- [DIRECTIONS] Word for word, write the records out again, but omit each picture.

-------------------------

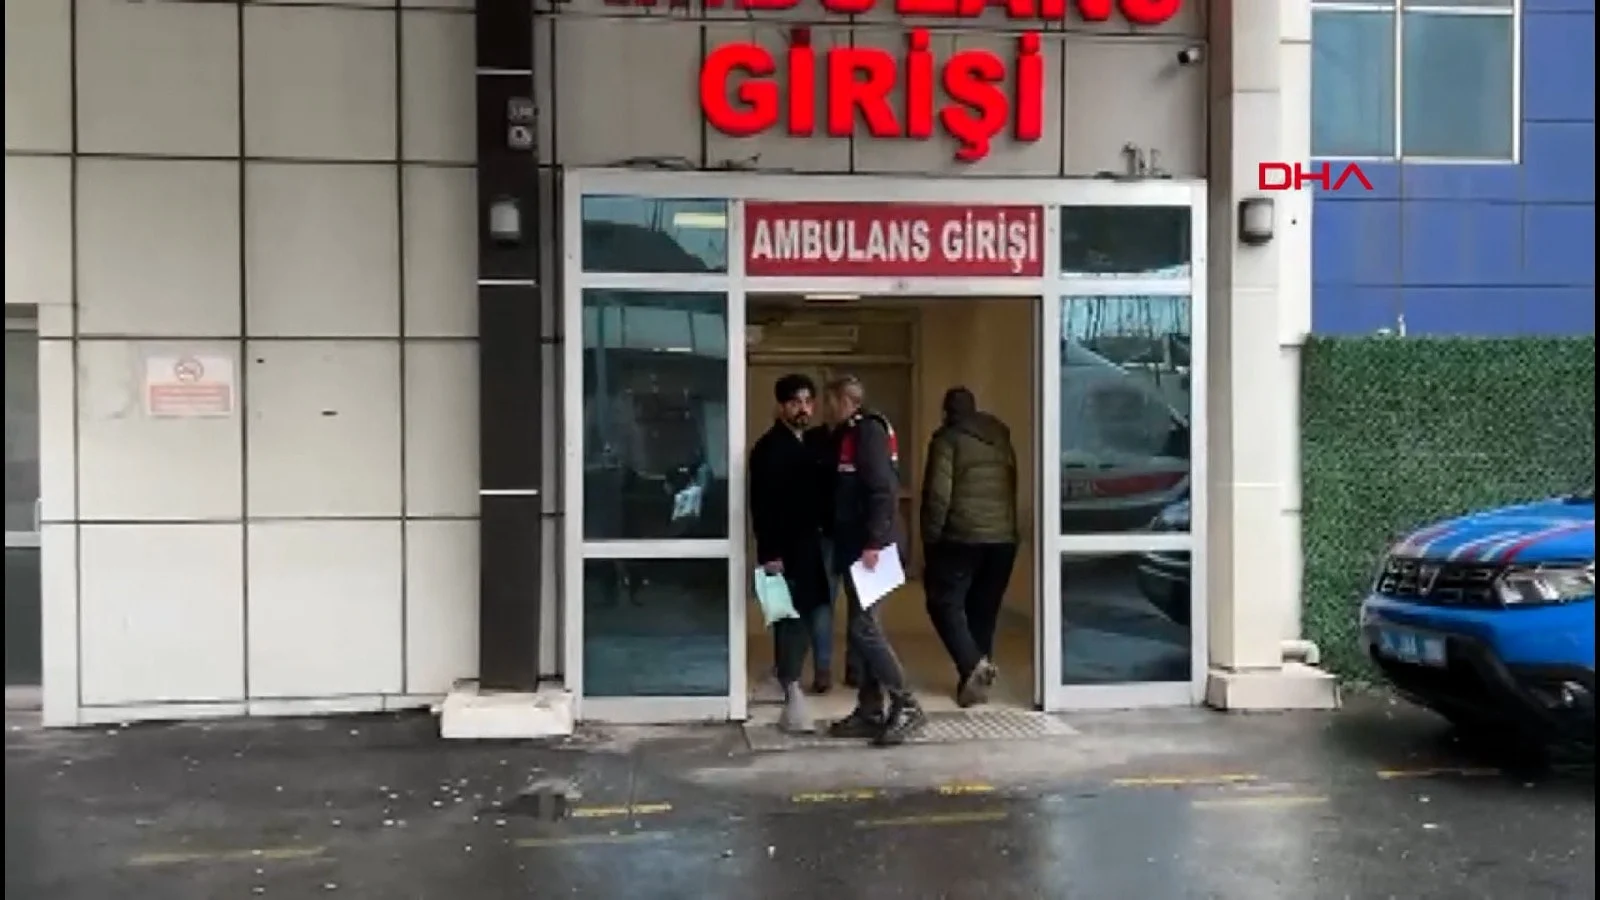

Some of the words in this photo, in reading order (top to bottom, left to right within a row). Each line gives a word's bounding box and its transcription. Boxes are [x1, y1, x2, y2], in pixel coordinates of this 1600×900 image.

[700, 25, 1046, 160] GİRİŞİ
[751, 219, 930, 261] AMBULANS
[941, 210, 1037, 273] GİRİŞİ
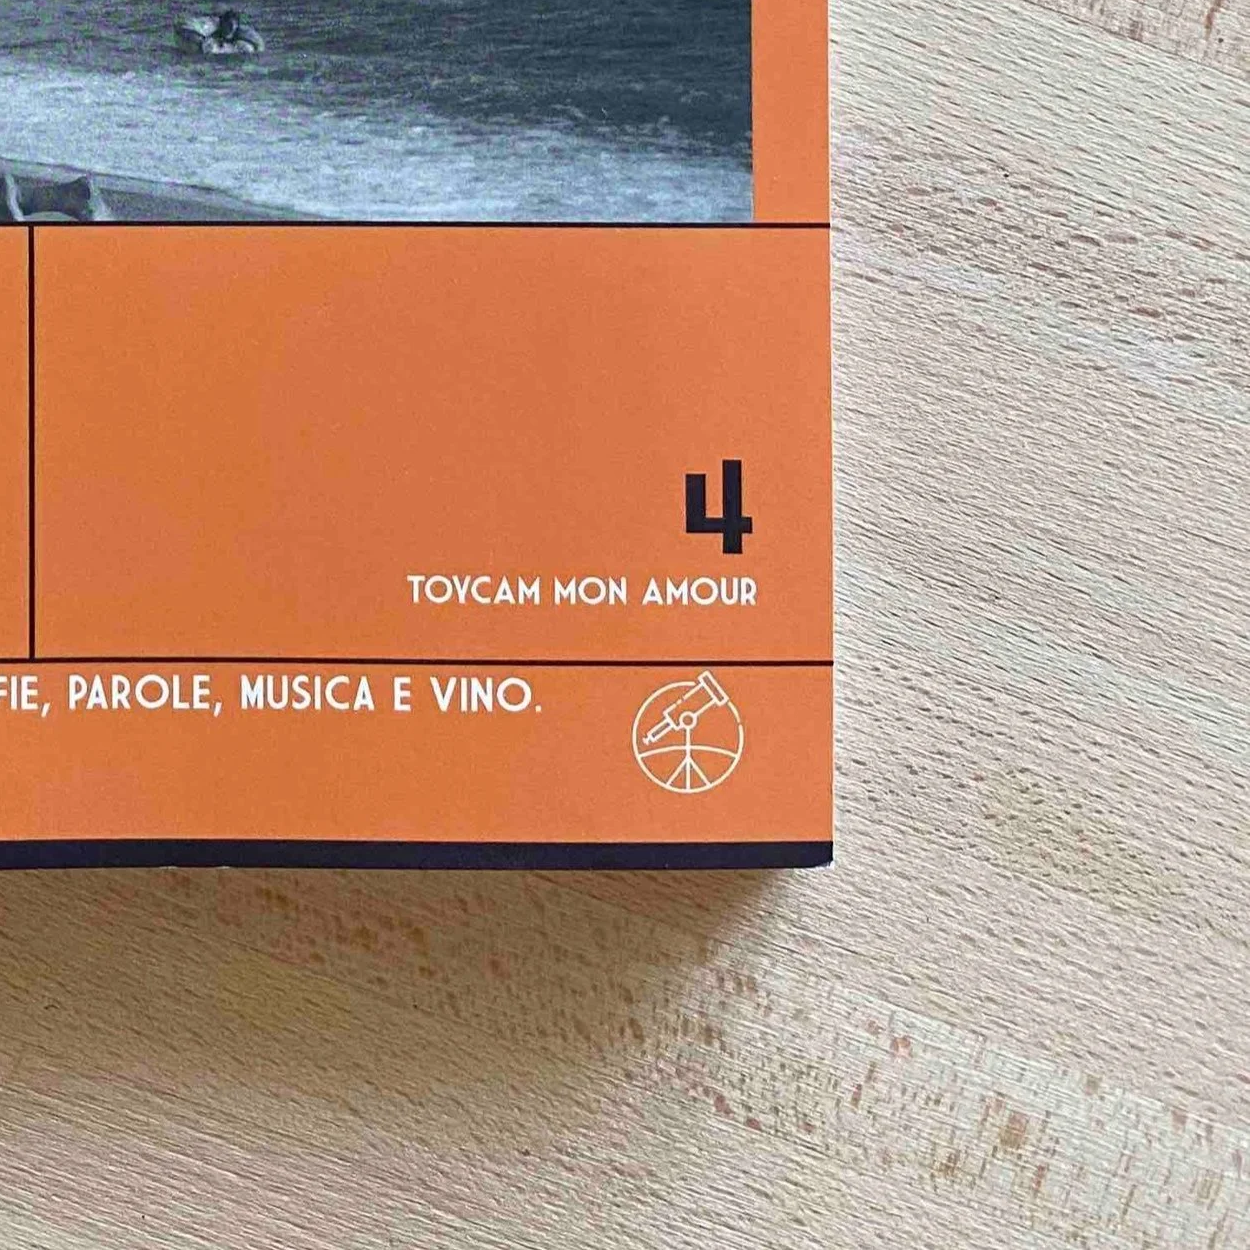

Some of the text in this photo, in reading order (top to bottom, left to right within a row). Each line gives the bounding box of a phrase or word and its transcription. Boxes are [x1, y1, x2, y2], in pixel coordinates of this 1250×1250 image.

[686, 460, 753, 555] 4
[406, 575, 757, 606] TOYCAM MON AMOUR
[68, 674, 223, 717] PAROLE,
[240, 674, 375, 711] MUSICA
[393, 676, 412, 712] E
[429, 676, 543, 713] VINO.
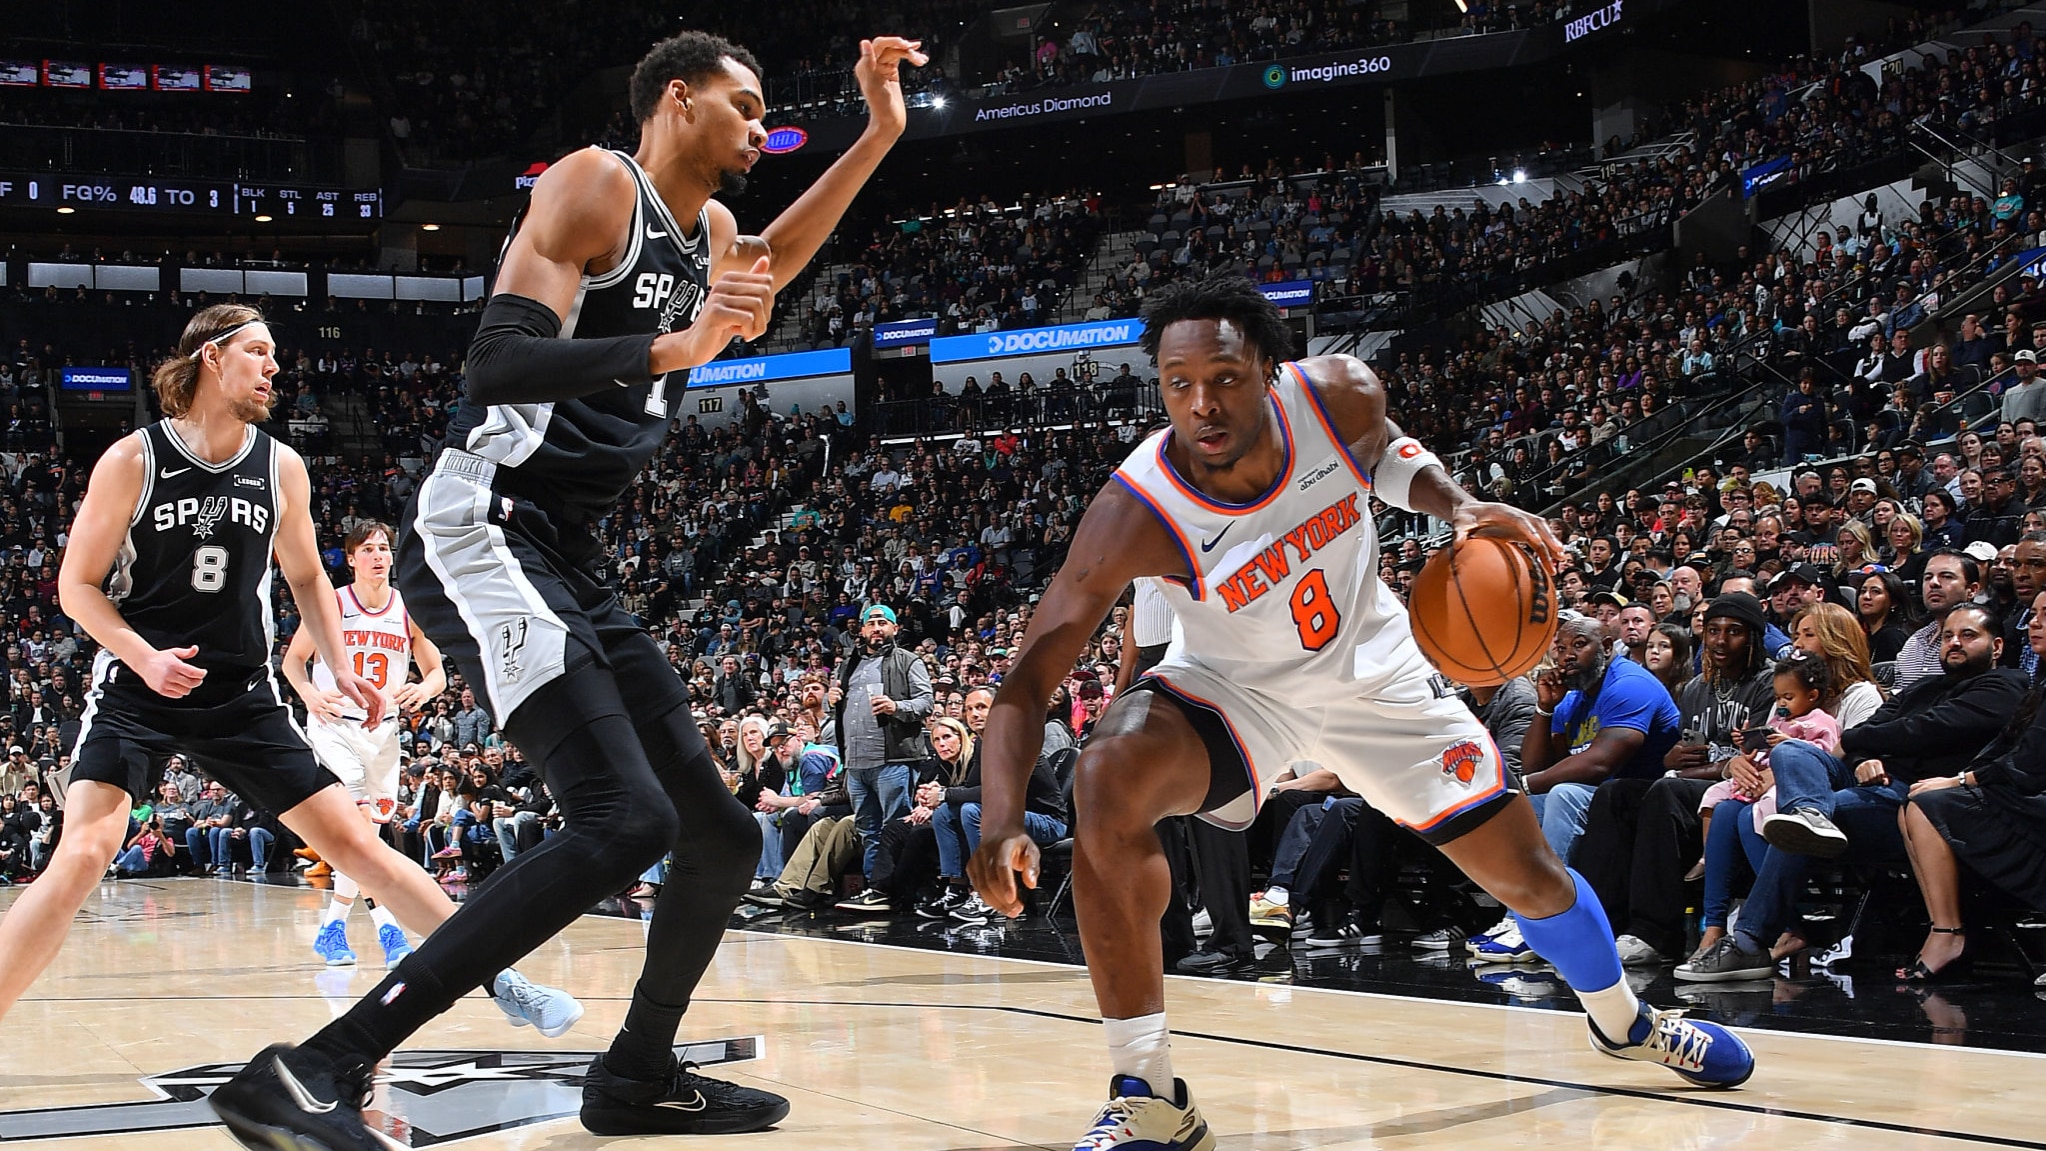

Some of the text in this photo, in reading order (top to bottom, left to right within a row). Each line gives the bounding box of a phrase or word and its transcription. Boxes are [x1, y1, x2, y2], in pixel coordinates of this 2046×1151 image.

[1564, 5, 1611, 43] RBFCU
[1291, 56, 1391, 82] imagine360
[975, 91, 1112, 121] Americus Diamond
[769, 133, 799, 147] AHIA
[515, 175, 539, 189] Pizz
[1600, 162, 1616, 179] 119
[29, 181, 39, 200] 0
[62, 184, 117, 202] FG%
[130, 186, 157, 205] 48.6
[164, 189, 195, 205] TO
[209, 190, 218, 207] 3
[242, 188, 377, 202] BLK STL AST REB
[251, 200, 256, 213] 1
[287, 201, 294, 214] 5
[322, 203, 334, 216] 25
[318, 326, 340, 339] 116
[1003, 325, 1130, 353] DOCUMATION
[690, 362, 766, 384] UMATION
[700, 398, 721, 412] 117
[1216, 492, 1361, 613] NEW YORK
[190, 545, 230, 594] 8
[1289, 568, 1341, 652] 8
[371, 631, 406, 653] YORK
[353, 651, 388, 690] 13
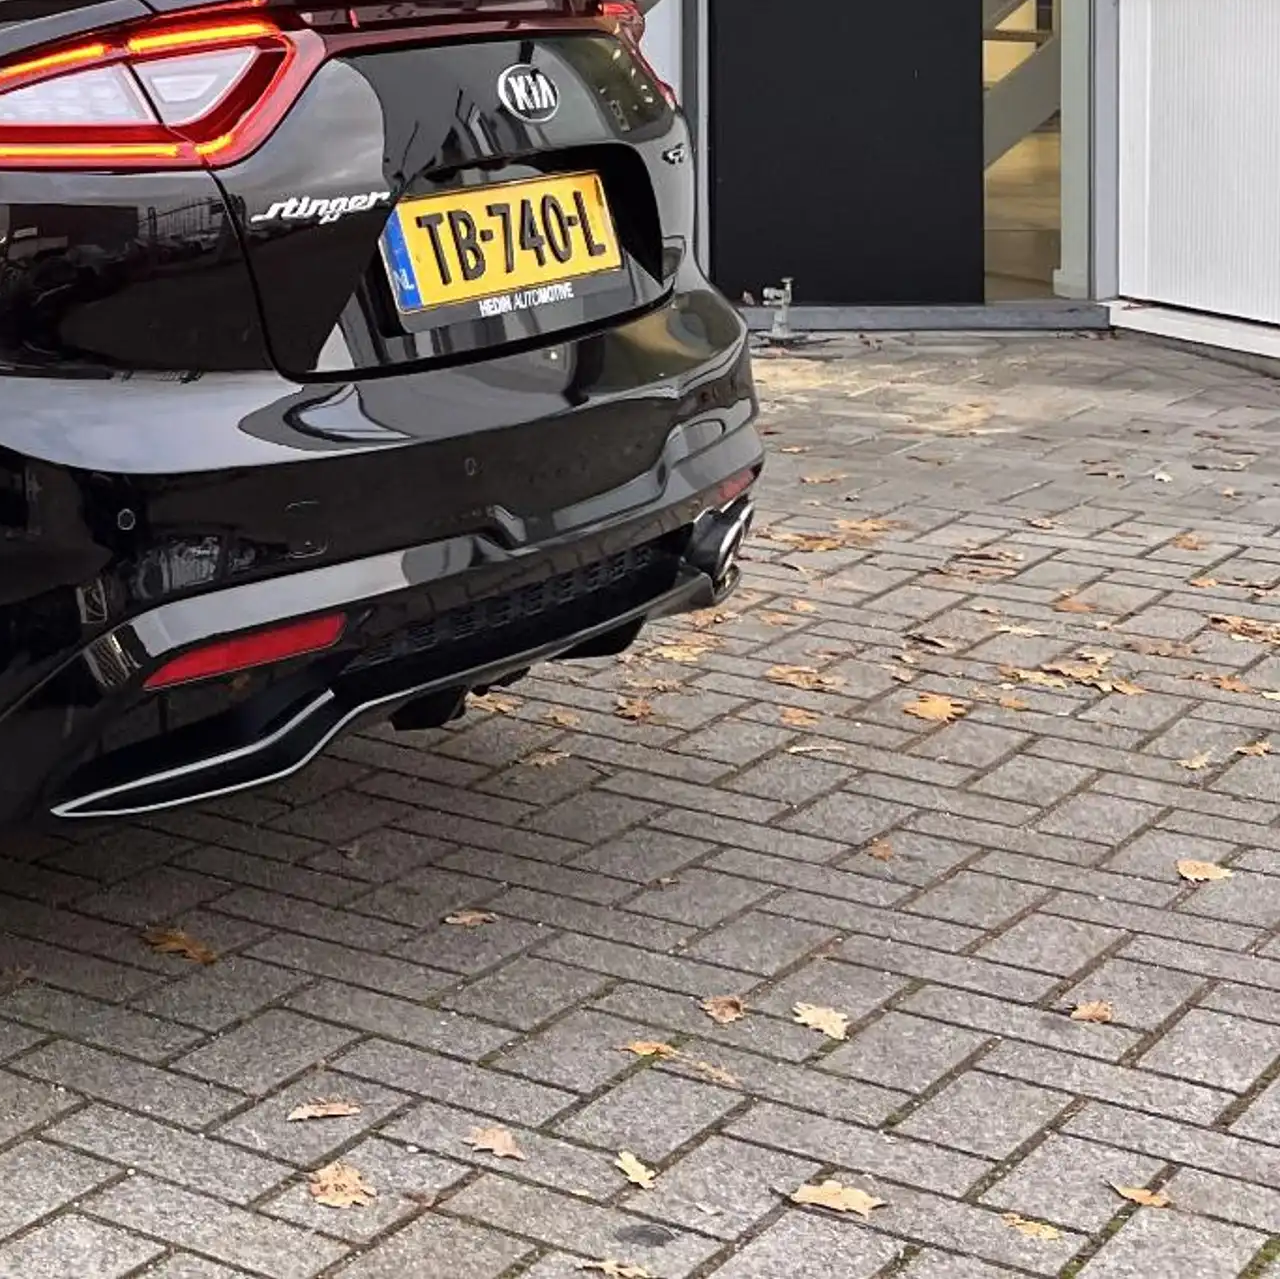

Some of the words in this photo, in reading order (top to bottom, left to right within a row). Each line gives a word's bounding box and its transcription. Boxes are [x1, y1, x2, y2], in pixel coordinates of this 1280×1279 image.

-------------------------

- [RESPONSE TO THE EXERCISE]
Some of the words in this photo, in reading order (top to bottom, left to right within a row). Each line gives a word's bounding box and its transcription. Boxes are [x1, y1, x2, y2], in pixel coordinates of this 1600×900 image.

[700, 25, 1046, 160] GİRİŞİ
[751, 219, 930, 261] AMBULANS
[941, 210, 1037, 273] GİRİŞİ

Some of the text in this photo, in reading order (top to bottom, left to right within a row). Each line gives the bounding box of a phrase or word and its transcription. Boxes are [x1, y1, x2, y2], in pixel coordinates of this 1250×1250 image.

[686, 460, 753, 555] 4
[406, 575, 757, 606] TOYCAM MON AMOUR
[68, 674, 223, 717] PAROLE,
[240, 674, 375, 711] MUSICA
[393, 676, 412, 712] E
[429, 676, 543, 713] VINO.

Some of the text in this photo, in reading order (top to bottom, left to right within a row). Each line gives the bounding box of a phrase or word and its transcription. Boxes are [x1, y1, x2, y2], in pixel coordinates of this 2046×1151 image.

[1564, 5, 1611, 43] RBFCU
[1291, 56, 1391, 82] imagine360
[975, 91, 1112, 121] Americus Diamond
[769, 133, 799, 147] AHIA
[515, 175, 539, 189] Pizz
[1600, 162, 1616, 179] 119
[29, 181, 39, 200] 0
[62, 184, 117, 202] FG%
[130, 186, 157, 205] 48.6
[164, 189, 195, 205] TO
[209, 190, 218, 207] 3
[242, 188, 377, 202] BLK STL AST REB
[251, 200, 256, 213] 1
[287, 201, 294, 214] 5
[322, 203, 334, 216] 25
[318, 326, 340, 339] 116
[1003, 325, 1130, 353] DOCUMATION
[690, 362, 766, 384] UMATION
[700, 398, 721, 412] 117
[1216, 492, 1361, 613] NEW YORK
[190, 545, 230, 594] 8
[1289, 568, 1341, 652] 8
[371, 631, 406, 653] YORK
[353, 651, 388, 690] 13

Some of the words in this photo, in reading order (top to bottom, left to right within a row). Each line gives a word's bounding box and its transcription. Boxes are [x1, y1, x2, y2], in pixel coordinates of this 1280×1279 image.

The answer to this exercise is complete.